Pour une expérience de physiologie, des chats ont été enfermés dès leur naissance dans une pièce tapissée de motifs verticaux.
Un œuf jaillit du coin de Gonzague et s'écrasa sur le pull noir de la jeune fille.
– Et ça, tu l'as bien perçu? tonna-t-il.
Quelques rires dans la salle. Julie comprenait maintenant en son entier le calvaire du professeur d'allemand face à son public hostile.
Voyant que la situation menaçait de virer au désastre, avant de se lancer dans son solo prévu, Francine haussa le volume de son orgue pour couvrir le chahut.
Puis ils enchaînèrent directement sur le troisième morceau.
3. SOMMEIL PARADOXAL
Au fond de nous, il y a un bébé qui dort.
Sommeil paradoxal.
Son rêve est agité.
Au fond, quelque part, la porte n'arrêtait pas de s'ouvrir ou de se refermer pour laisser entrer les retardataires et repartir les déçus. Ce qui déconcentrait complètement Julie. Au bout d'un moment, elle s'aperçut qu'elle chantait machinalement tant elle était attentive aux bruits de la porte tambourinant contre le mur.
– À poil, Julie! À poil!
Elle contempla ses amis. C'était vraiment le fiasco. Ils étaient si mal à l'aise qu'ils ne parvenaient même plus à jouer de concert. Narcisse ratait ses accords. Ses doigts tremblant sur les cordes de sa guitare formaient des sons discordants.
Julie chercha à se fermer à l'environnement et reprit le refrain. Ils avaient prévu qu'à ce passage, la salle reprendrait en chœur en tapant dans ses mains, mais la jeune fille n'osa même pas l'y inciter.
Au fond de nous, il y a un bébé qui dort.
Sommeil paradoxal.
Justement, aux premiers rangs, des retraités s'endormaient.
Sommeil paradoxal, scanda-t-elle plus fort pour les réveiller.
À ce moment devait intervenir un solo à la flûte de Léopold. Après plusieurs fausses notes, il préféra le raccourcir.
Heureusement que le journaliste n'était pas resté. Julie était effondrée. David l'encouragea du menton et lui fît signe de ne pas prêter attention au public et de continuer, pour eux seuls.
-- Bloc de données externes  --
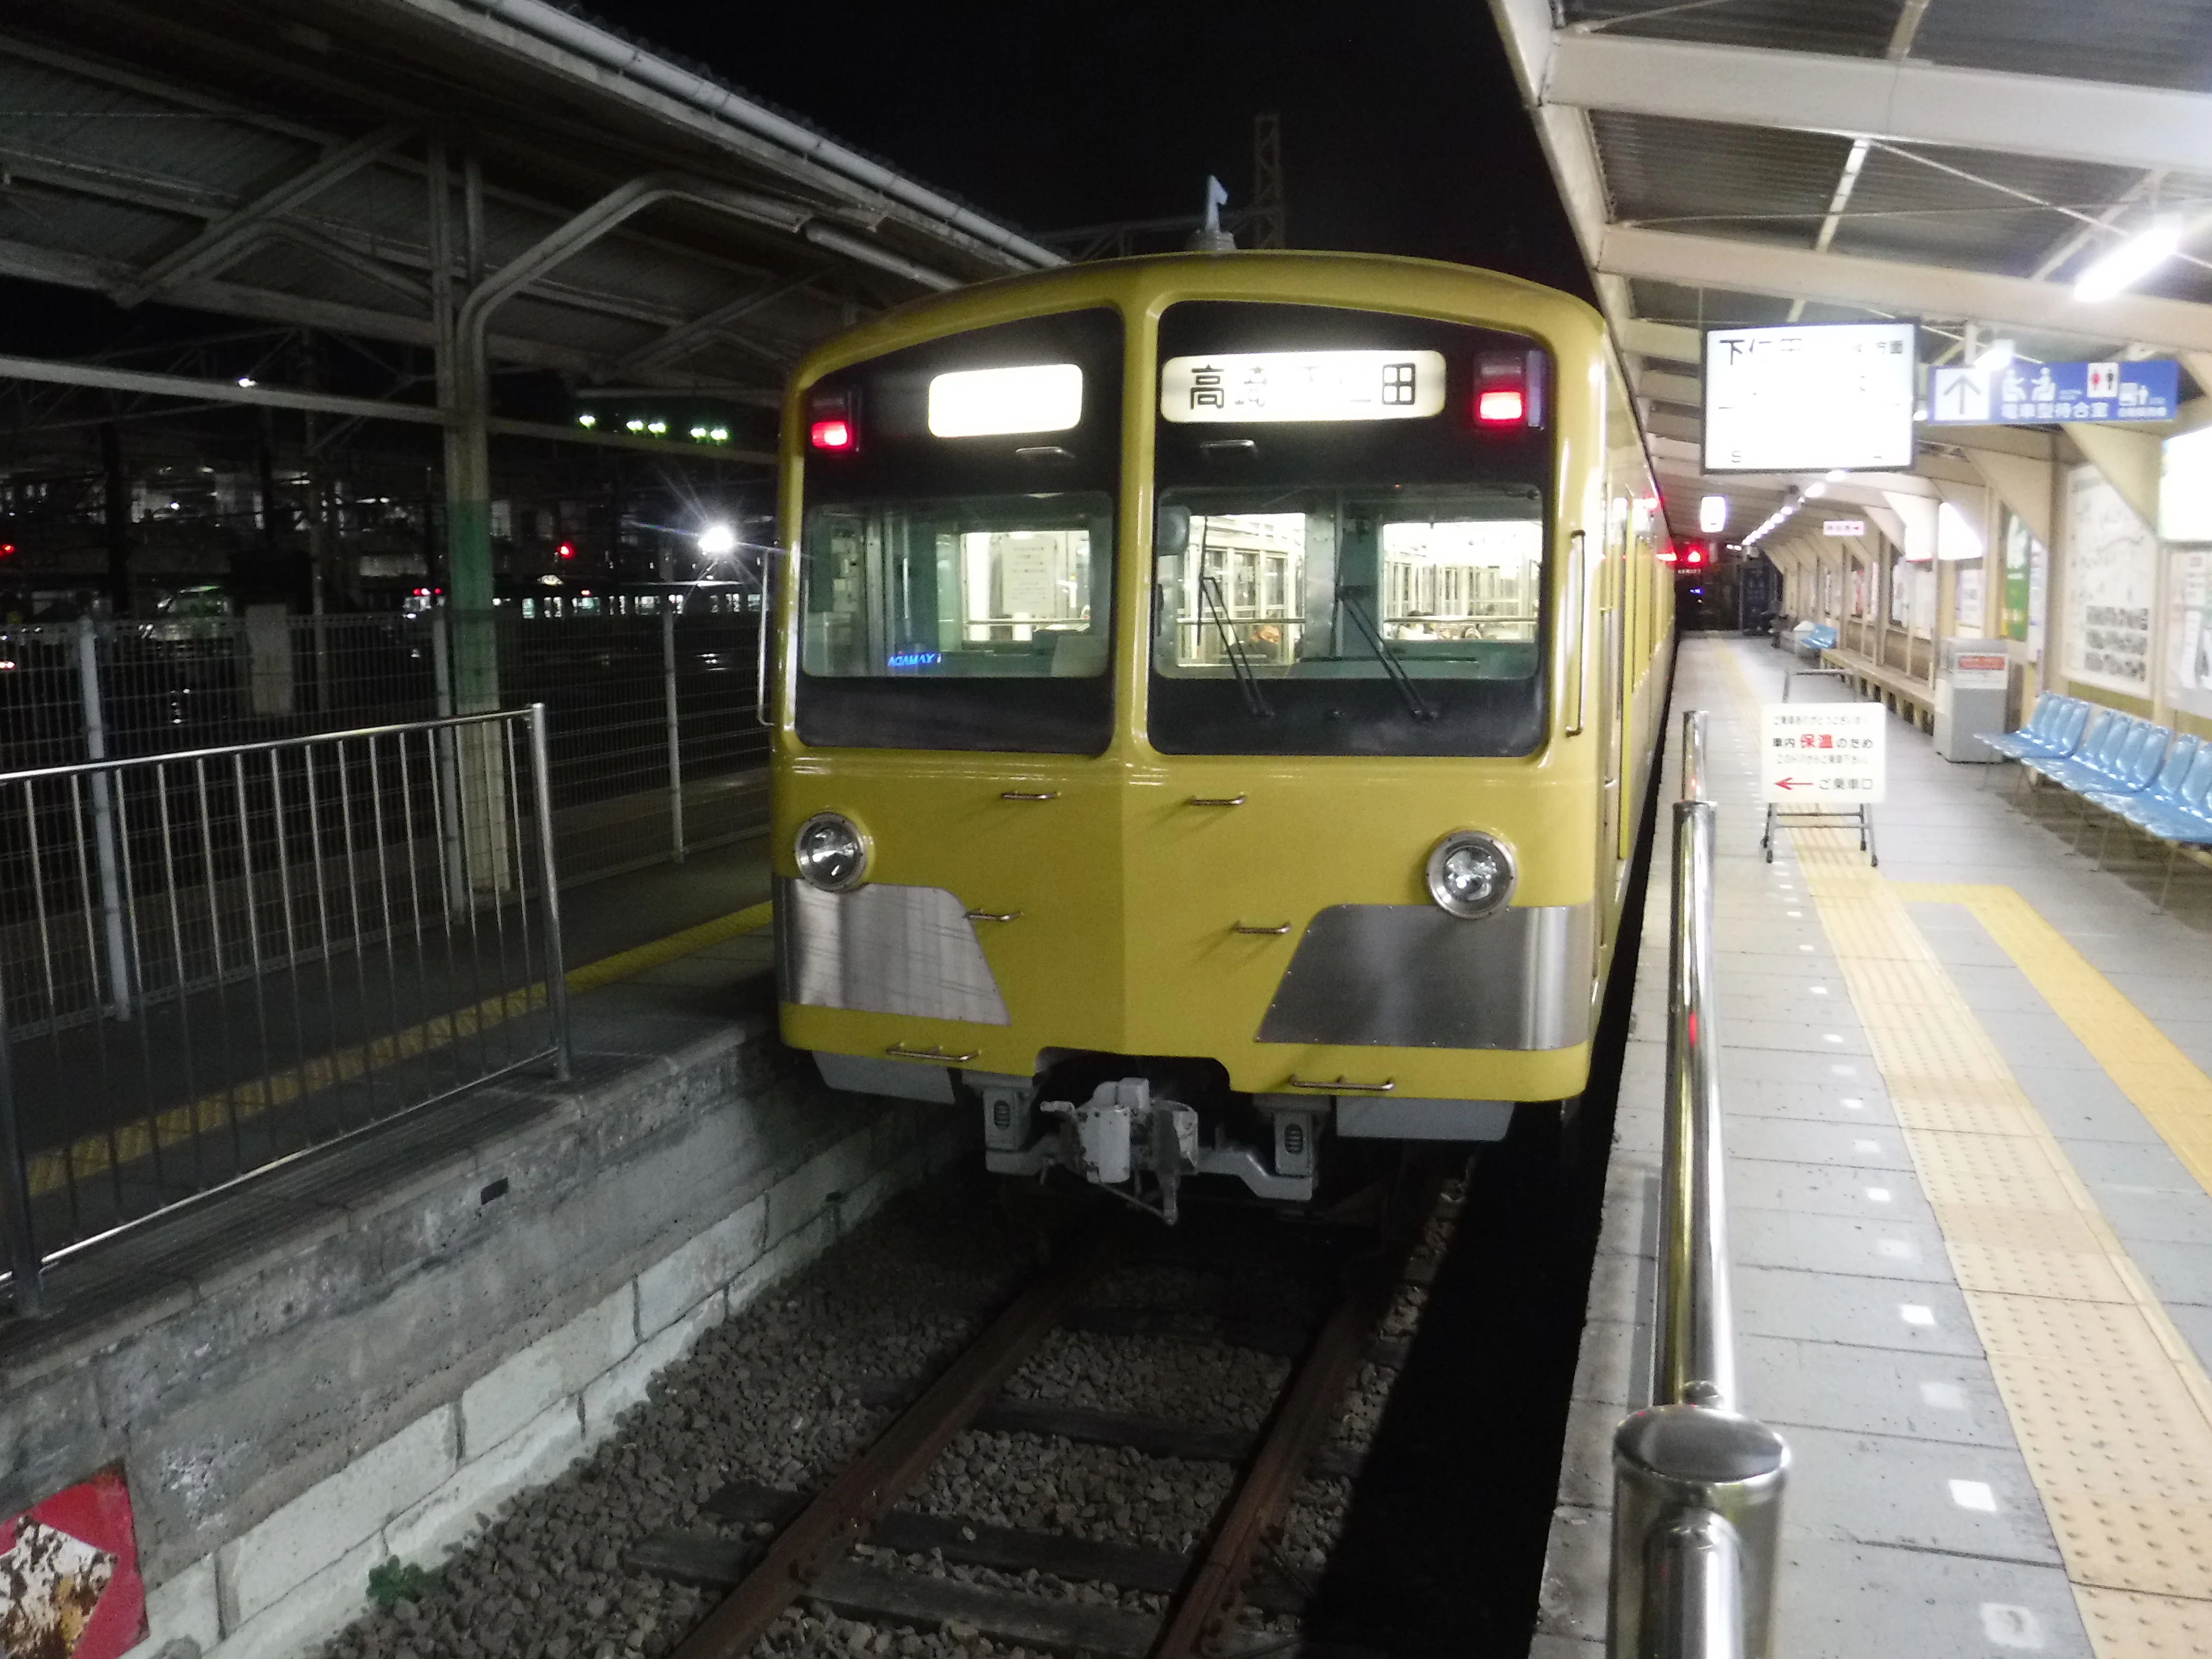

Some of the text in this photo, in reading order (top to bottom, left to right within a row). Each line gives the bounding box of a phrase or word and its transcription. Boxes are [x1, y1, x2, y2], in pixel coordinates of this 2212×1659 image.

[1773, 733, 1874, 749] 車内保温のため
[1819, 778, 1874, 790] ご乗車口
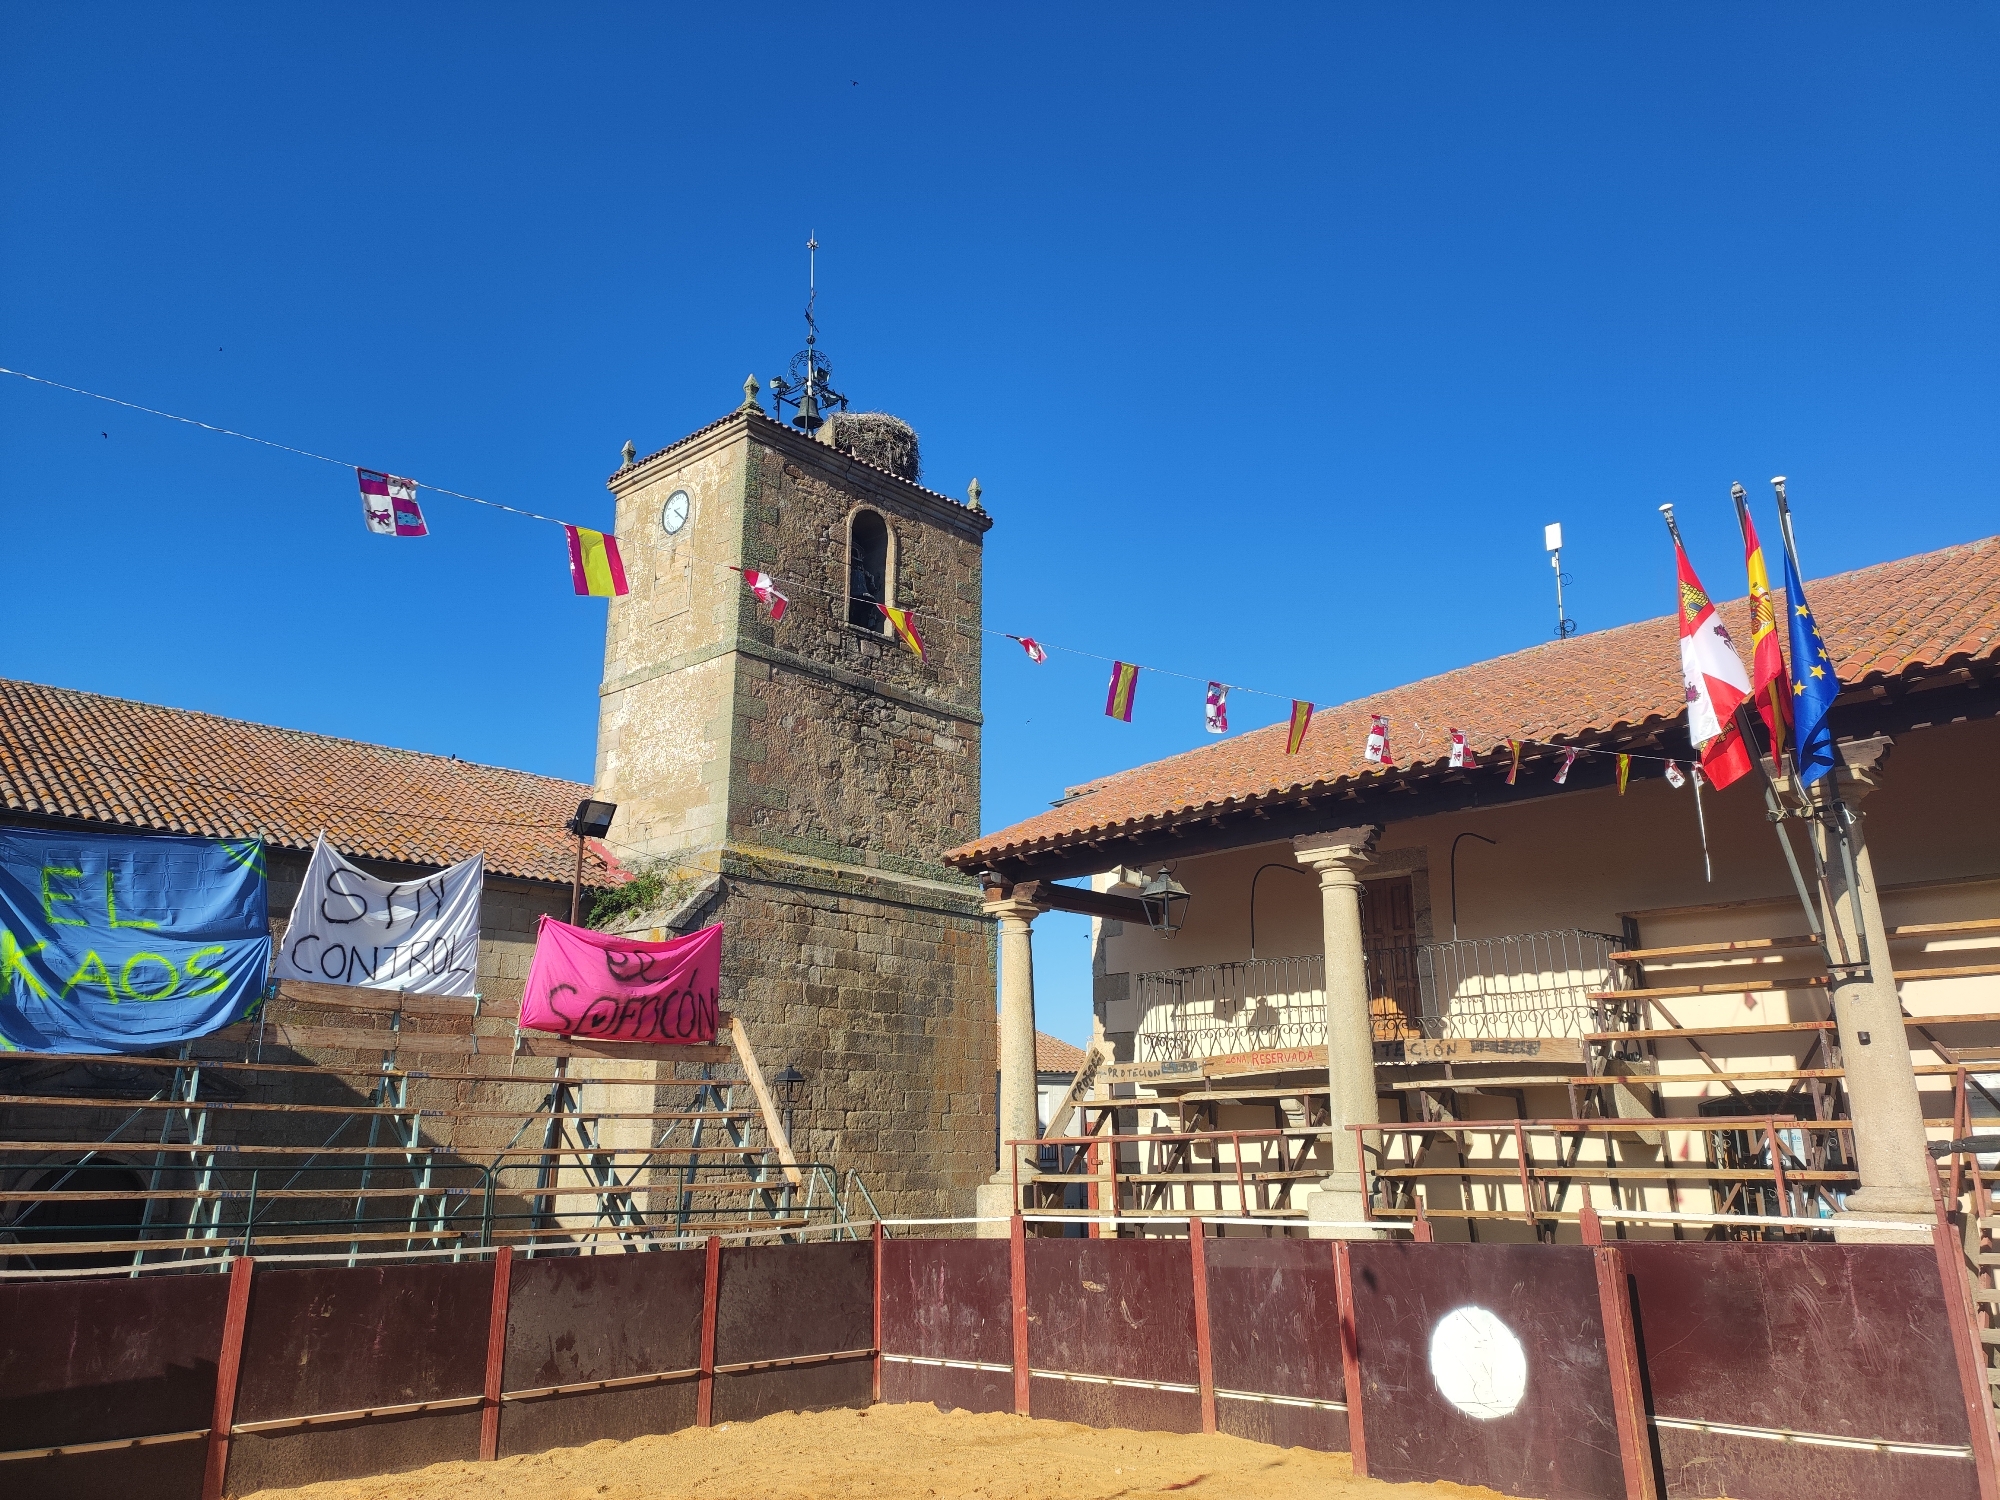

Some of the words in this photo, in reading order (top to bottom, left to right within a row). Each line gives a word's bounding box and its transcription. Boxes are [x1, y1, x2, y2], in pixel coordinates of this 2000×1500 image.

Nous sommes tous des gagnants. Car nous sommes issus du seul spermatozoïde à avoir gagné la course devant ses trois cents millions de concurrents.
Gonzague et ses Rats noirs étaient devant la scène avec des canettes de bière et l'aspergèrent de mousse puante.
Continuez, continuez! moulinait du bras Ji-woong. C'était sans doute de pareils moments qui vous transformaient en vrais professionnels.
Les trublions étaient maintenant déchaînés. En plus des œufs et des canettes, ils s'étaient munis de cornes de brume et d'aérosols en tout genre et ils criaient toujours:
– À poil, Julie! À poil!
Mais ils en faisaient trop.
– Fichez-leur la paix, laissez-les jouer! cria une forte fille, arborant un tee-shirt marqué «Aïkido Club».
– À poil! s'égosilla Gonzague.
À l'adresse de l'assistance, il lança:
– Vous voyez bien qu'ils sont nuls!
– Si ça ne vous plaît pas, personne ne vous oblige à rester, dit la forte fille au tee-shirt aïkido.
Menaçante et seule, elle s'avança, prête à affronter les énergumènes. Comme les autres, plus nombreux, risquaient d'avoir le dessus, d'autres spectatrices vêtues du même tee-shirt vinrent à la rescousse tandis que des gens se levaient, en renfort d'un camp ou de l'autre.
Les retraités, réveillés, s'enfoncèrent dans leurs sièges.
– Calmez-vous, je vous en prie, calmez-vous! supplia Julie, affolée.
– Continue de chanter! lui intima David.
Julie contempla, catastrophée, ces gens qui se battaient.
On ne pouvait pas dire que leur musique adoucissait les mœurs. Il importait de réagir, et vite. Elle fit signe aux Sept Nains de cesser de jouer et on n'entendit plus que les cris de hargne de ceux qui se bagarraient et le bruit des strapontins de ceux qui préféraient quitter cette salle en furie.
Il ne fallait pas abandonner la partie. Julie ferma les yeux pour mieux se concentrer et oublier ce qui se passait devant elle. Elle se boucha très fort les oreilles. Elle devait s'isoler et se rassembler. Retrouver ses techniques de chant. Se souvenir des conseils de Yankélévitch.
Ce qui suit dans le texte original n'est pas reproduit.